* Exercise description: A word-for-word repetition of the records beneath this task is the expected answer.
*** Given entries Section Begins ***
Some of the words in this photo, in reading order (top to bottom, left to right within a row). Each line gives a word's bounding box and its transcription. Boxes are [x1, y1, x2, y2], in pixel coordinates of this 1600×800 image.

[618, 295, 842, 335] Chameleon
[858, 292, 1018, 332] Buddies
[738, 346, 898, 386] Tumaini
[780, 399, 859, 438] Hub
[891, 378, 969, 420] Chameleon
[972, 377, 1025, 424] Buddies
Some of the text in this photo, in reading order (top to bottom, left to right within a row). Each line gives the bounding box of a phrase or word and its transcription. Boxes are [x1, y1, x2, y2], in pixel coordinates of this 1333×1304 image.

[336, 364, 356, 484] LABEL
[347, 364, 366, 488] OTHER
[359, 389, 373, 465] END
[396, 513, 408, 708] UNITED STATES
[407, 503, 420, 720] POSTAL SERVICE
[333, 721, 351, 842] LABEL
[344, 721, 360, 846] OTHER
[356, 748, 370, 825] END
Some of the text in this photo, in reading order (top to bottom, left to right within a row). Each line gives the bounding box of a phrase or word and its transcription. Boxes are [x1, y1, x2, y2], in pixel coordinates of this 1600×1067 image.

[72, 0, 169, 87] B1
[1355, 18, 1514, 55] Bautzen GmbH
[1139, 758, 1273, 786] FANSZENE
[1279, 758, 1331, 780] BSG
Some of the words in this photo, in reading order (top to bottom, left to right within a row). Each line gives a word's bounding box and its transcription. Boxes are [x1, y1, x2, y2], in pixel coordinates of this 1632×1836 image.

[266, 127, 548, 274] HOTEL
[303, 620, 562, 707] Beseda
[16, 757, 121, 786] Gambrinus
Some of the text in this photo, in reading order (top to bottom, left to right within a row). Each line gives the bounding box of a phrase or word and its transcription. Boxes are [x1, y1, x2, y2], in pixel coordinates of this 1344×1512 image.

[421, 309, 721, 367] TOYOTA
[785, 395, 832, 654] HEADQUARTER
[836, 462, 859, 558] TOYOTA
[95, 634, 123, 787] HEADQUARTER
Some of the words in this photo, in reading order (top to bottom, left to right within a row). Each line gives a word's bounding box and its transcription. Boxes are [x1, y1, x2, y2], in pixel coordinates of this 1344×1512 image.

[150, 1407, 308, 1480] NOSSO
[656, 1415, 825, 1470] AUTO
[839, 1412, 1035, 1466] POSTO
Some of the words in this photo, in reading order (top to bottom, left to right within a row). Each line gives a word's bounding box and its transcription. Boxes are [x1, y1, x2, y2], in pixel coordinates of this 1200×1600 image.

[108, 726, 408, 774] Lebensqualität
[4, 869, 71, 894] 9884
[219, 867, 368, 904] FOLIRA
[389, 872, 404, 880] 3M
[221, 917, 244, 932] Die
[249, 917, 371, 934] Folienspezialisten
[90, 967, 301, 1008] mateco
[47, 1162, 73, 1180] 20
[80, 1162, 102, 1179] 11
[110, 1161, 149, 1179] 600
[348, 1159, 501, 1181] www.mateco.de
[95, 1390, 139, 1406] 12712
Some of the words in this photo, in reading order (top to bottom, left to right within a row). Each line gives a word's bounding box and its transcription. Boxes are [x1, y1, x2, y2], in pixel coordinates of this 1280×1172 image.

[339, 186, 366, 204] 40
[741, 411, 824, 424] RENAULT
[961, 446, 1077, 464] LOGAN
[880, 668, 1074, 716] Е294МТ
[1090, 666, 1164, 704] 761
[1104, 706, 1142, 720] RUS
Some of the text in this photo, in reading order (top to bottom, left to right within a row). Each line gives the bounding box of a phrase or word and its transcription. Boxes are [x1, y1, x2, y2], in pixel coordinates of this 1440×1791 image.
*** Given entries Section Ends ***
* Answer to the problem:
Some of the words in this photo, in reading order (top to bottom, left to right within a row). Each line gives a word's bounding box and its transcription. Boxes are [x1, y1, x2, y2], in pixel coordinates of this 1600×800 image.

[618, 295, 842, 335] Chameleon
[858, 292, 1018, 332] Buddies
[738, 346, 898, 386] Tumaini
[780, 399, 859, 438] Hub
[891, 378, 969, 420] Chameleon
[972, 377, 1025, 424] Buddies
Some of the text in this photo, in reading order (top to bottom, left to right within a row). Each line gives the bounding box of a phrase or word and its transcription. Boxes are [x1, y1, x2, y2], in pixel coordinates of this 1333×1304 image.

[336, 364, 356, 484] LABEL
[347, 364, 366, 488] OTHER
[359, 389, 373, 465] END
[396, 513, 408, 708] UNITED STATES
[407, 503, 420, 720] POSTAL SERVICE
[333, 721, 351, 842] LABEL
[344, 721, 360, 846] OTHER
[356, 748, 370, 825] END
Some of the text in this photo, in reading order (top to bottom, left to right within a row). Each line gives the bounding box of a phrase or word and its transcription. Boxes are [x1, y1, x2, y2], in pixel coordinates of this 1600×1067 image.

[72, 0, 169, 87] B1
[1355, 18, 1514, 55] Bautzen GmbH
[1139, 758, 1273, 786] FANSZENE
[1279, 758, 1331, 780] BSG
Some of the words in this photo, in reading order (top to bottom, left to right within a row). Each line gives a word's bounding box and its transcription. Boxes are [x1, y1, x2, y2], in pixel coordinates of this 1632×1836 image.

[266, 127, 548, 274] HOTEL
[303, 620, 562, 707] Beseda
[16, 757, 121, 786] Gambrinus
Some of the text in this photo, in reading order (top to bottom, left to right within a row). Each line gives the bounding box of a phrase or word and its transcription. Boxes are [x1, y1, x2, y2], in pixel coordinates of this 1344×1512 image.

[421, 309, 721, 367] TOYOTA
[785, 395, 832, 654] HEADQUARTER
[836, 462, 859, 558] TOYOTA
[95, 634, 123, 787] HEADQUARTER
Some of the words in this photo, in reading order (top to bottom, left to right within a row). Each line gives a word's bounding box and its transcription. Boxes are [x1, y1, x2, y2], in pixel coordinates of this 1344×1512 image.

[150, 1407, 308, 1480] NOSSO
[656, 1415, 825, 1470] AUTO
[839, 1412, 1035, 1466] POSTO
Some of the words in this photo, in reading order (top to bottom, left to right within a row). Each line gives a word's bounding box and its transcription. Boxes are [x1, y1, x2, y2], in pixel coordinates of this 1200×1600 image.

[108, 726, 408, 774] Lebensqualität
[4, 869, 71, 894] 9884
[219, 867, 368, 904] FOLIRA
[389, 872, 404, 880] 3M
[221, 917, 244, 932] Die
[249, 917, 371, 934] Folienspezialisten
[90, 967, 301, 1008] mateco
[47, 1162, 73, 1180] 20
[80, 1162, 102, 1179] 11
[110, 1161, 149, 1179] 600
[348, 1159, 501, 1181] www.mateco.de
[95, 1390, 139, 1406] 12712
Some of the words in this photo, in reading order (top to bottom, left to right within a row). Each line gives a word's bounding box and its transcription. Boxes are [x1, y1, x2, y2], in pixel coordinates of this 1280×1172 image.

[339, 186, 366, 204] 40
[741, 411, 824, 424] RENAULT
[961, 446, 1077, 464] LOGAN
[880, 668, 1074, 716] Е294МТ
[1090, 666, 1164, 704] 761
[1104, 706, 1142, 720] RUS
Some of the text in this photo, in reading order (top to bottom, left to right within a row). Each line gives the bounding box of a phrase or word and its transcription. Boxes are [x1, y1, x2, y2], in pixel coordinates of this 1440×1791 image.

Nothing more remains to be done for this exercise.